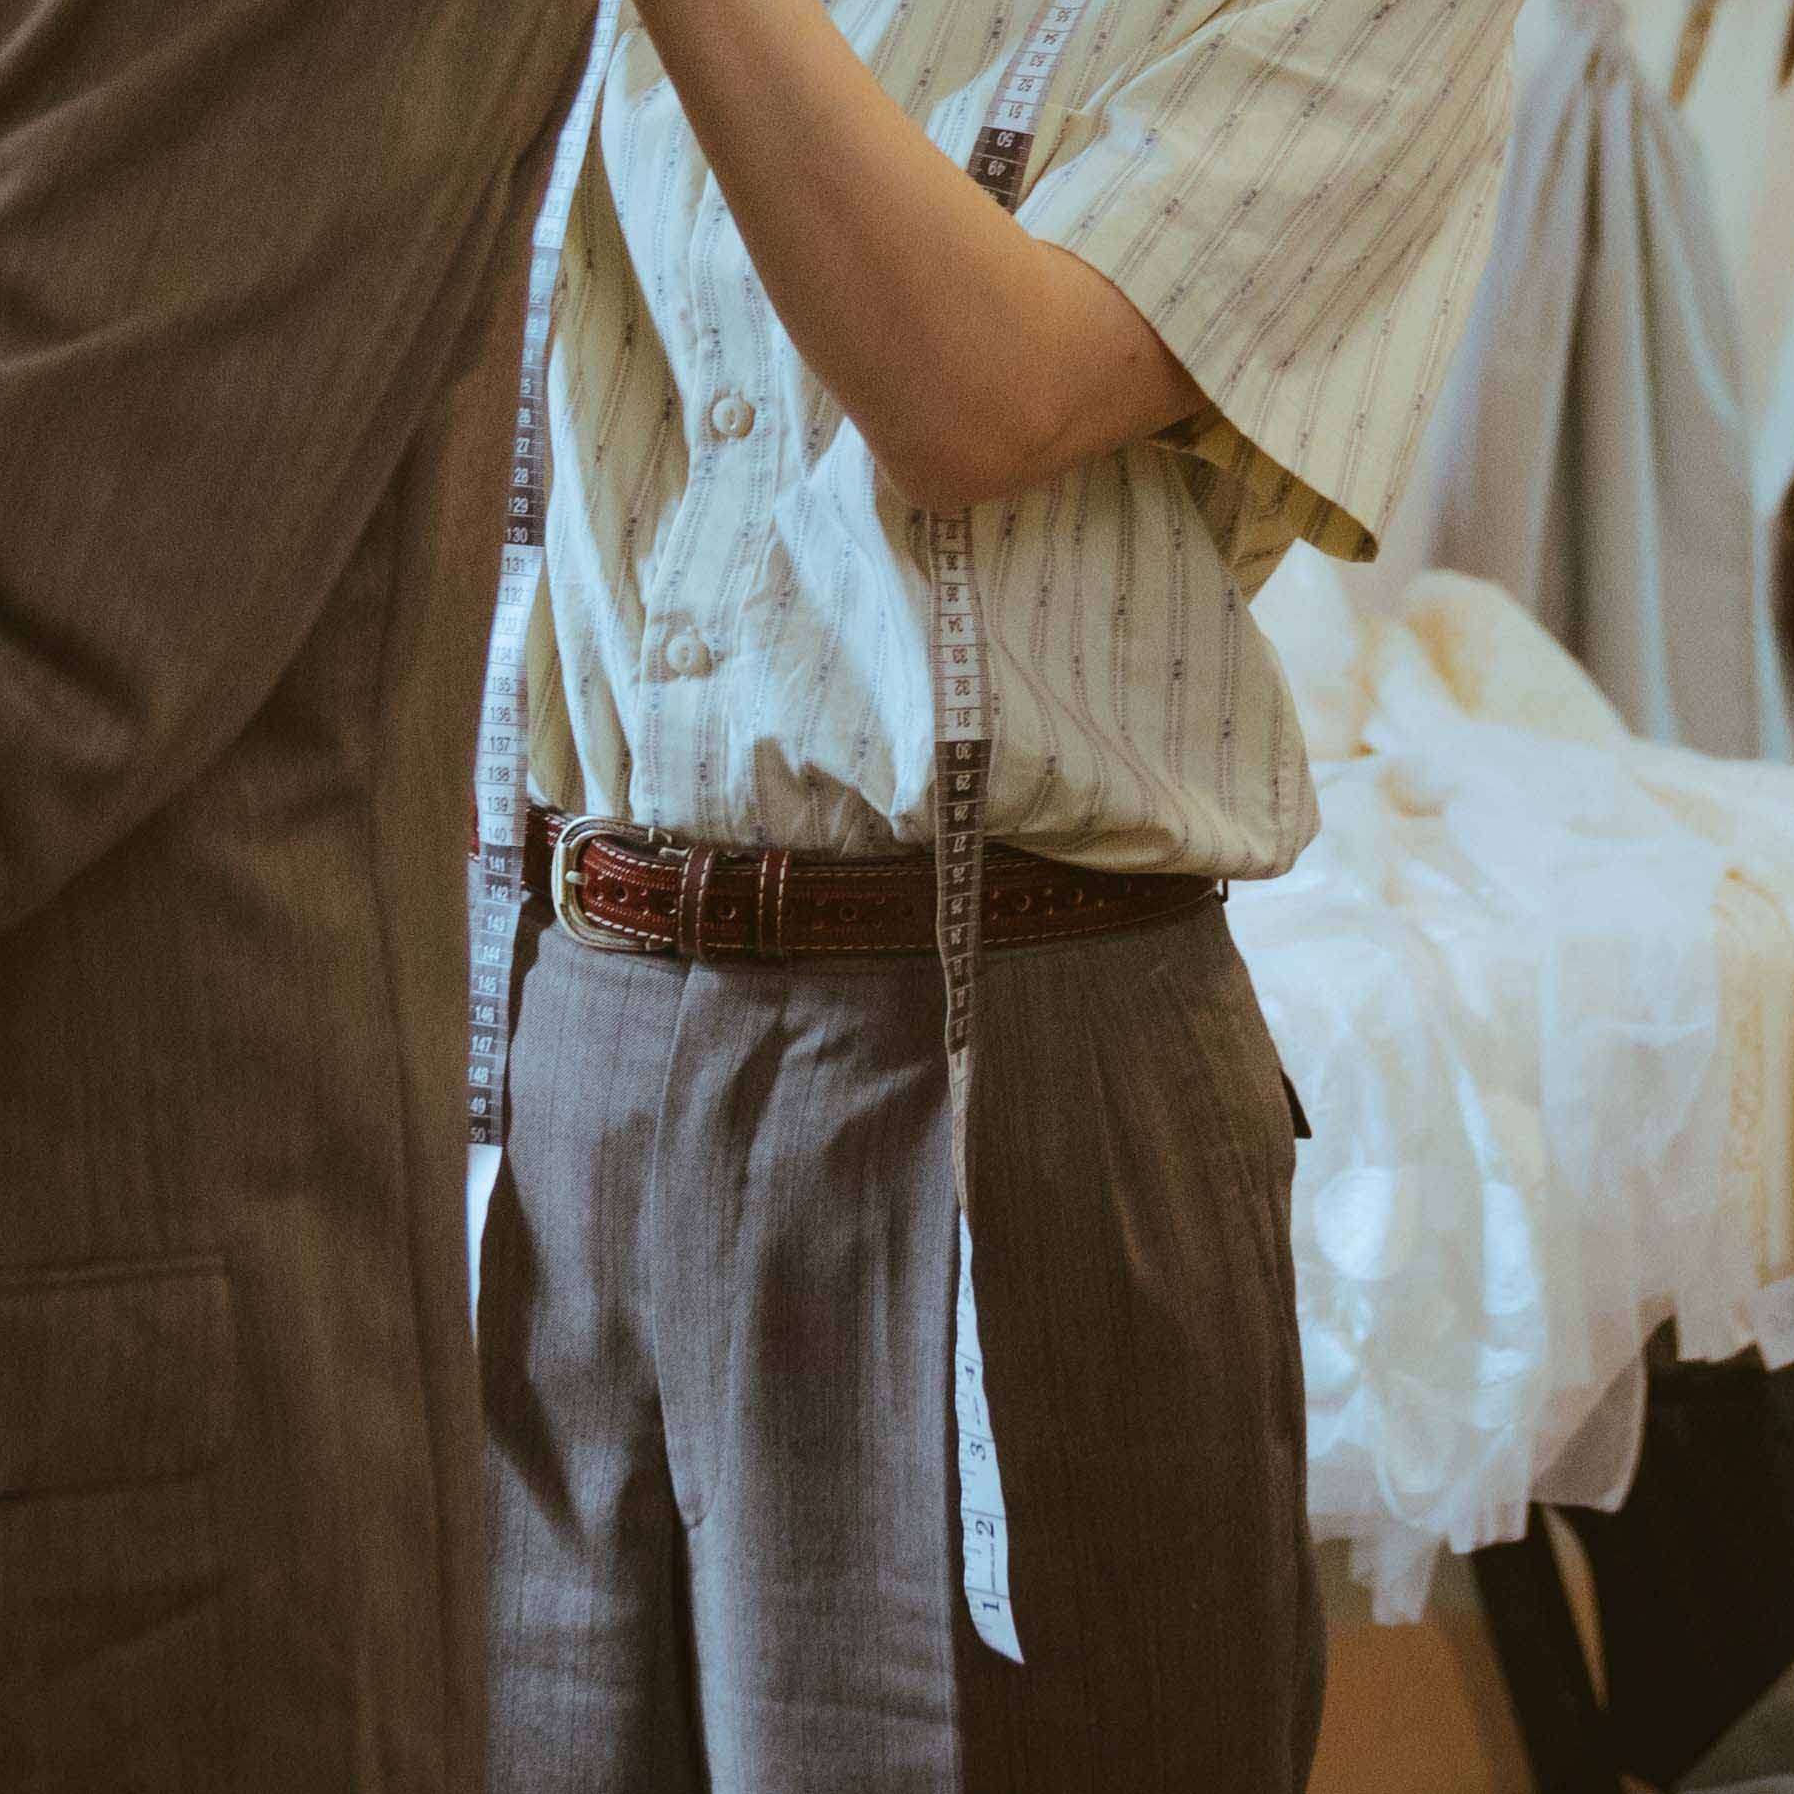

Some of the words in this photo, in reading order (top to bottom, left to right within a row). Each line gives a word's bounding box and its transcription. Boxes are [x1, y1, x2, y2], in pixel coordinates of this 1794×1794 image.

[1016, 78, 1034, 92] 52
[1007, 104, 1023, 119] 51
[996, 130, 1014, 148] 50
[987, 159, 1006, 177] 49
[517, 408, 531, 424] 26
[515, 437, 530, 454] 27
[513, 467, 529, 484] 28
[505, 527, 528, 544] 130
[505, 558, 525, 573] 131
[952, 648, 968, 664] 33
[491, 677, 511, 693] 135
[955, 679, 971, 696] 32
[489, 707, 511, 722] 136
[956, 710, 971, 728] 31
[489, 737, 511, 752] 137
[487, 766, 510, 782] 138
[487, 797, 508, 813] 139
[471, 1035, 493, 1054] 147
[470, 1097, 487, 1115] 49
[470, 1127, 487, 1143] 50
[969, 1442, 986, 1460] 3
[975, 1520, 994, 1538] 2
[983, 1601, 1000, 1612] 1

################

▶ **What the exercise asks**
Everything in the material above must be repeated exactly, apart from its pictures.

▶ **Worked solution**
Some of the words in this photo, in reading order (top to bottom, left to right within a row). Each line gives a word's bounding box and its transcription. Boxes are [x1, y1, x2, y2], in pixel coordinates of this 1794×1794 image.

[1016, 78, 1034, 92] 52
[1007, 104, 1023, 119] 51
[996, 130, 1014, 148] 50
[987, 159, 1006, 177] 49
[517, 408, 531, 424] 26
[515, 437, 530, 454] 27
[513, 467, 529, 484] 28
[505, 527, 528, 544] 130
[505, 558, 525, 573] 131
[952, 648, 968, 664] 33
[491, 677, 511, 693] 135
[955, 679, 971, 696] 32
[489, 707, 511, 722] 136
[956, 710, 971, 728] 31
[489, 737, 511, 752] 137
[487, 766, 510, 782] 138
[487, 797, 508, 813] 139
[471, 1035, 493, 1054] 147
[470, 1097, 487, 1115] 49
[470, 1127, 487, 1143] 50
[969, 1442, 986, 1460] 3
[975, 1520, 994, 1538] 2
[983, 1601, 1000, 1612] 1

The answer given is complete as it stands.